Die politischen Umstände nach der Trennung der Kirchen haben auch dazu geführt, dass über lange Zeit nur sehr sporadischer Kontakt zwischen dem christlichen Osten und dem Westen bestand. Das griechische Christentum stand wie das orientalische und wie die Kirchen auf dem Balkan unter osmanischer Herrschaft. Obwohl es natürlich vereinzelte Kontakte gab, war doch die zwischenkirchliche Kommunikation fast völlig abgebrochen. Seitens der katholischen Kirche wurden bei den Christen im Osmanischen Reich zuweilen Unionsversuche unternommen, verstärkt im Orient des 19. Jahrhunderts. Diese Versuche wurden von der Orthodoxie als Angriff auf die eigene kirchliche Selbstständigkeit gesehen. Der Aufruf von Papst Pius IX. (1792–1878), der anlässlich seines Amtsantritts 1846 die östlichen Kirchen aufforderte, eine Union mit Rom einzugehen, und die bekannte Antwort der östlichen Patriarchen4 sind Zeichen für die Art der zwischenkirchlichen Beziehungen bis weit in das 20. Jahrhundert hinein. Im Russischen Reich kannte man den Westen ohnehin nur als schismatisch; die gemeinsame Kirchengeschichte im ersten Jahrtausend war keine eigene Erfahrung, und der Unionsversuch von 1441, als Metropolit Isidor von Kiew (1380–1463) versucht hatte, die Union von Florenz in Moskau zu verkünden und umzusetzen, endete damit, dass sich die russische Kirche aus der Jurisdiktion des vermeintlich katholisch gewordenen Konstantinopel löste und faktisch unabhängig wurde.

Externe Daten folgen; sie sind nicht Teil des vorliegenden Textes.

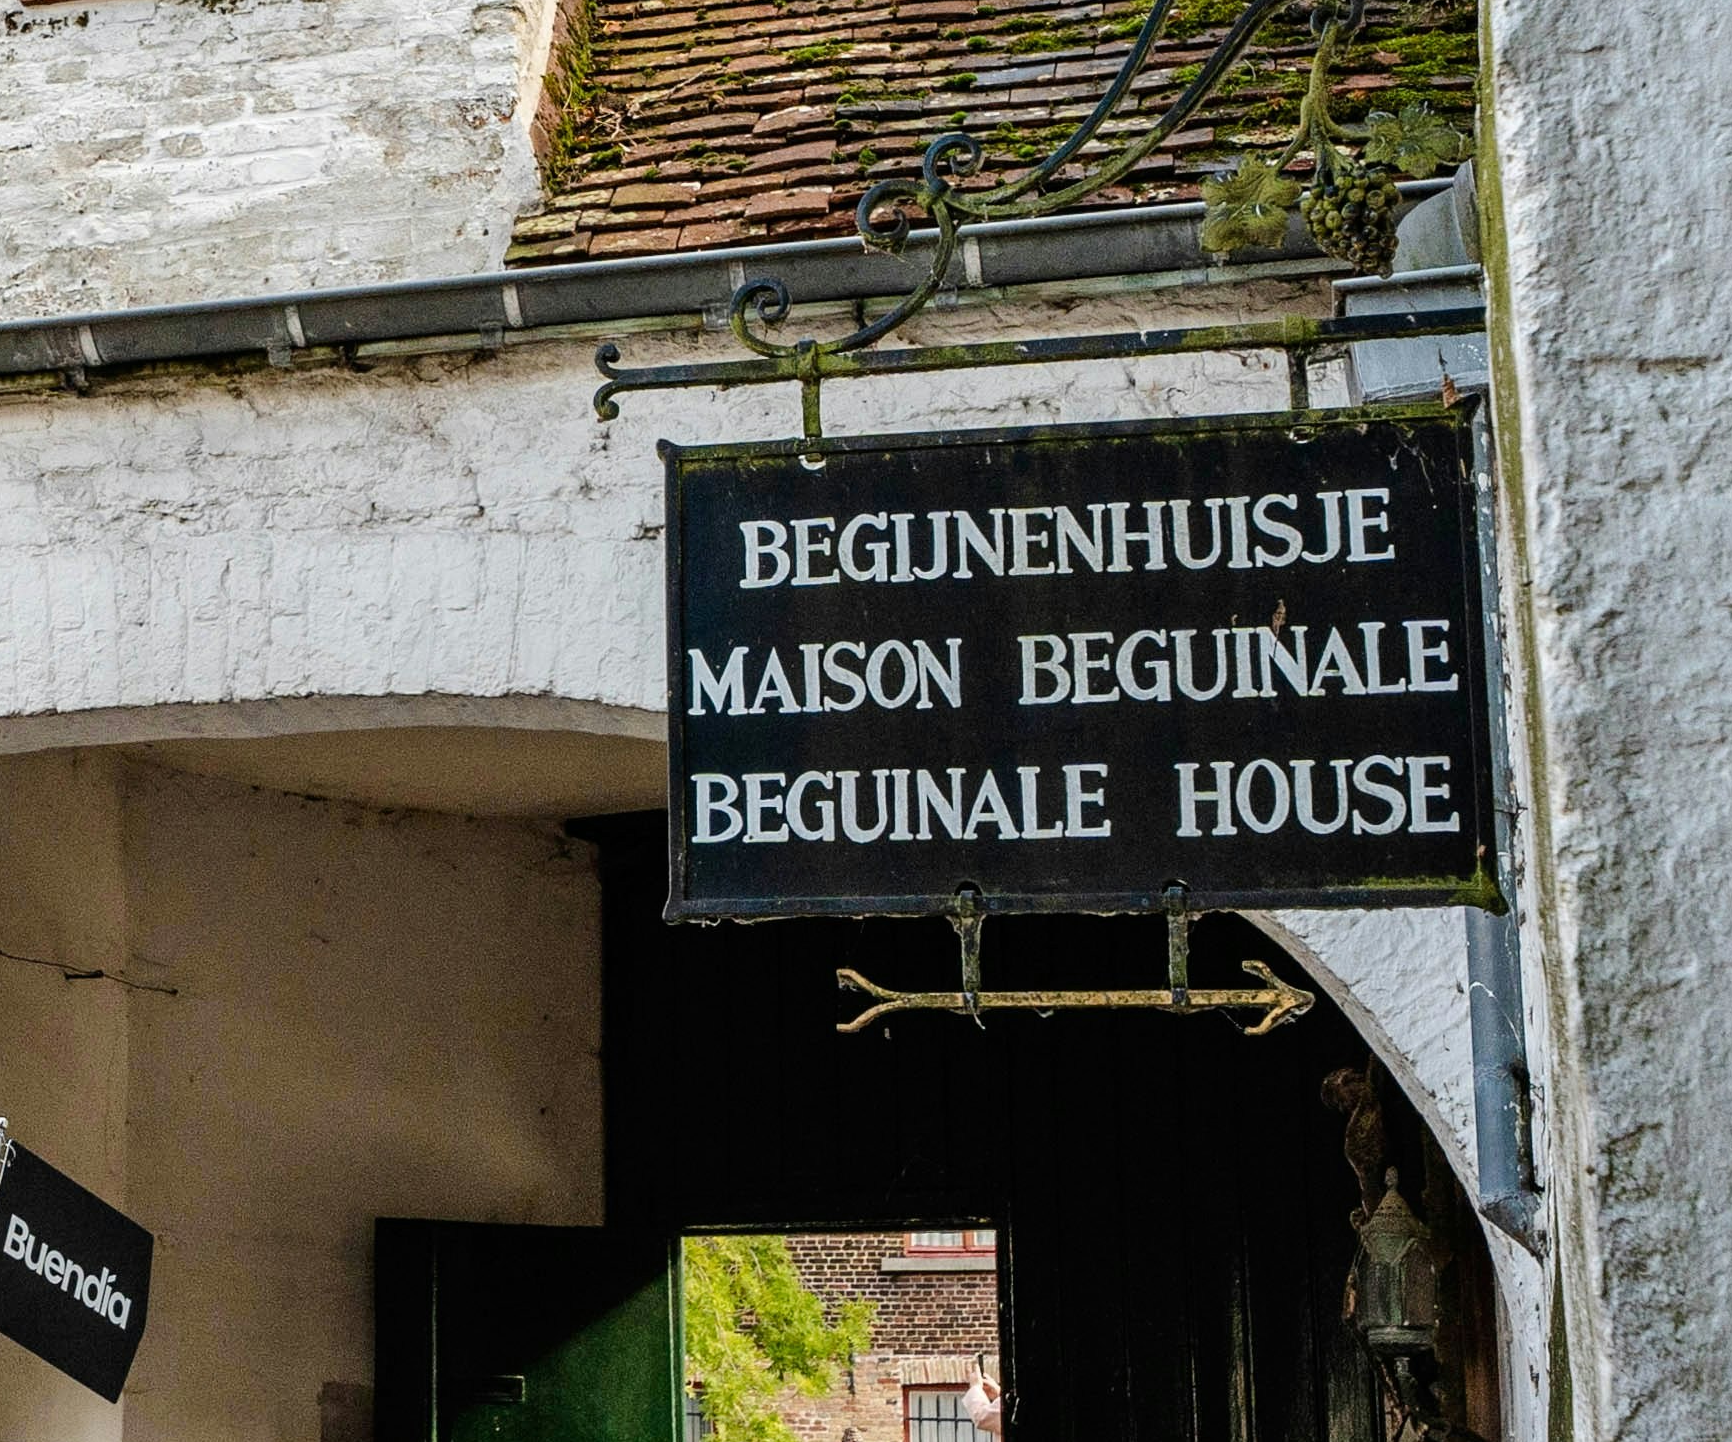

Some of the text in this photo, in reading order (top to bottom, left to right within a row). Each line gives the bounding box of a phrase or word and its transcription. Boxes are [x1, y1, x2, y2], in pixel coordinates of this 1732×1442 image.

[739, 488, 1395, 590] BEGIJNENHUISJE
[687, 619, 1459, 717] MAISON BEGUINALE
[691, 754, 1460, 845] BEGUINALE HOUSE
[3, 1214, 132, 1330] Buendía
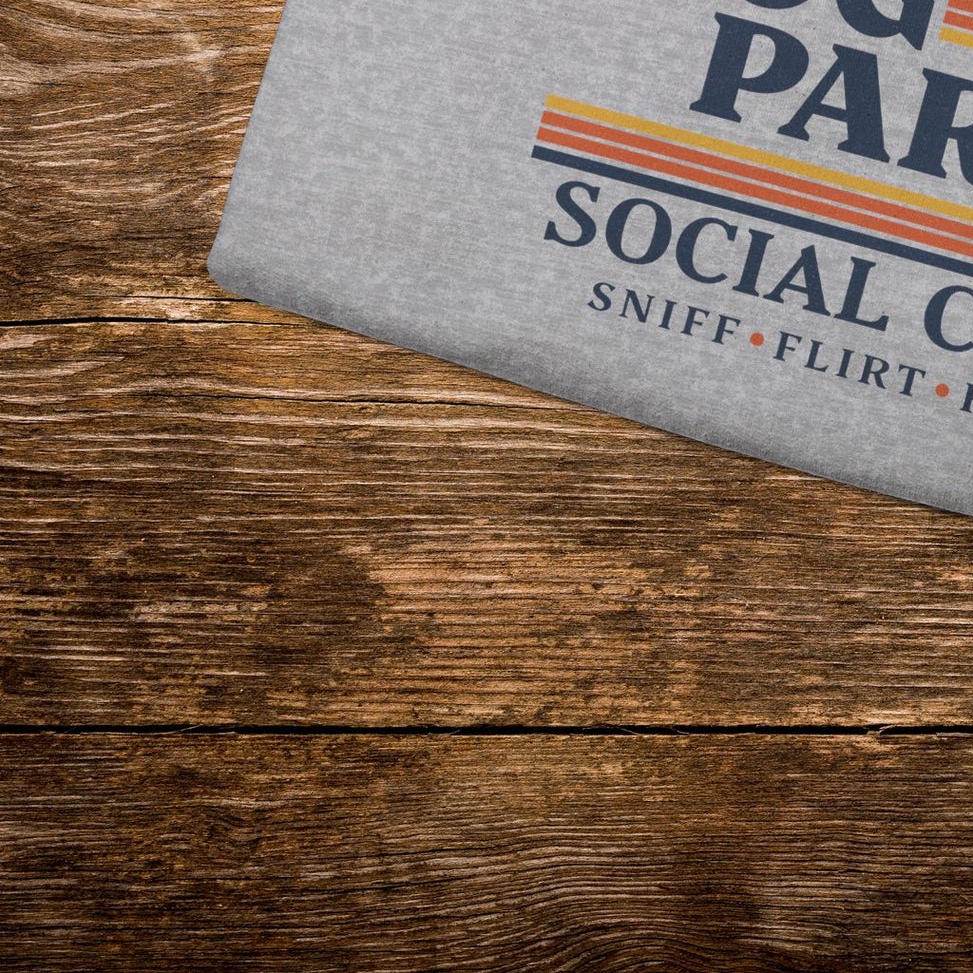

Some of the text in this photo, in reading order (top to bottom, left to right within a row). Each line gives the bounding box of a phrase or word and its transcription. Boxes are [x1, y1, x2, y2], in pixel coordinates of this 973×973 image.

[543, 180, 889, 332] SOCIAL
[587, 281, 742, 345] SNIFF
[773, 330, 927, 397] FLIRT
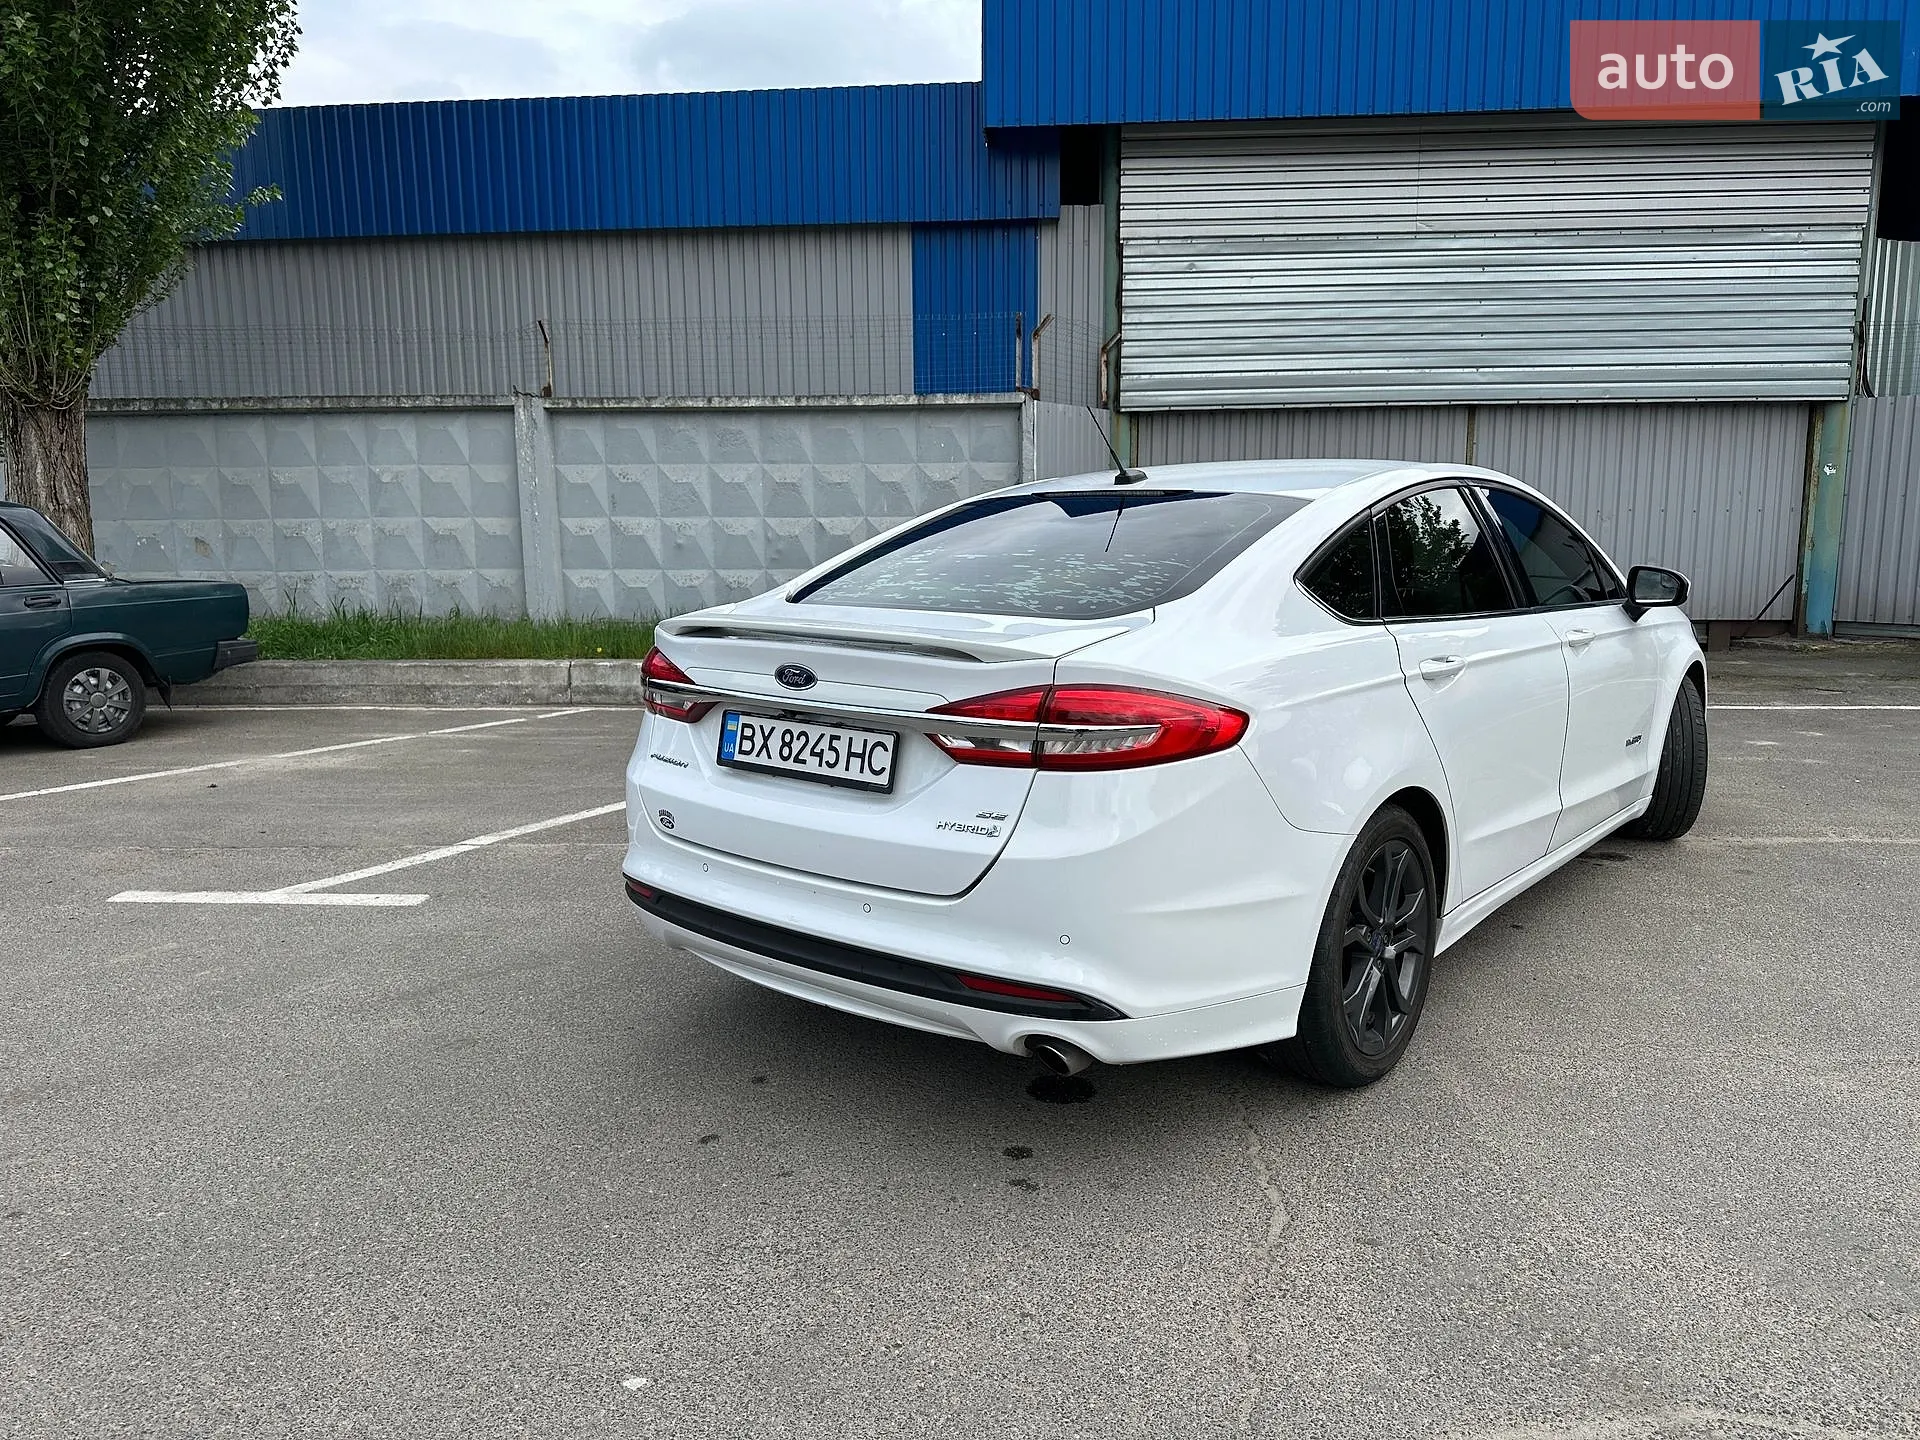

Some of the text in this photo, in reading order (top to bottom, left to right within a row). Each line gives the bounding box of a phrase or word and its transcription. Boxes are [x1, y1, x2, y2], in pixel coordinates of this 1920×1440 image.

[782, 668, 807, 685] Ford
[723, 743, 734, 754] UA
[778, 728, 841, 769] 8245
[936, 821, 989, 836] HYBRID

Vor diesem historischen Hintergrund also sind auch die Wahrnehmung des Westens und die Auseinandersetzung mit ihm in Kirche, Theologie und Philosophie zu sehen. Der Westen wird in der orthodoxen Welt nicht einfach nur als das Andere gesehen, sondern vor allem als ein feindliches Anderes.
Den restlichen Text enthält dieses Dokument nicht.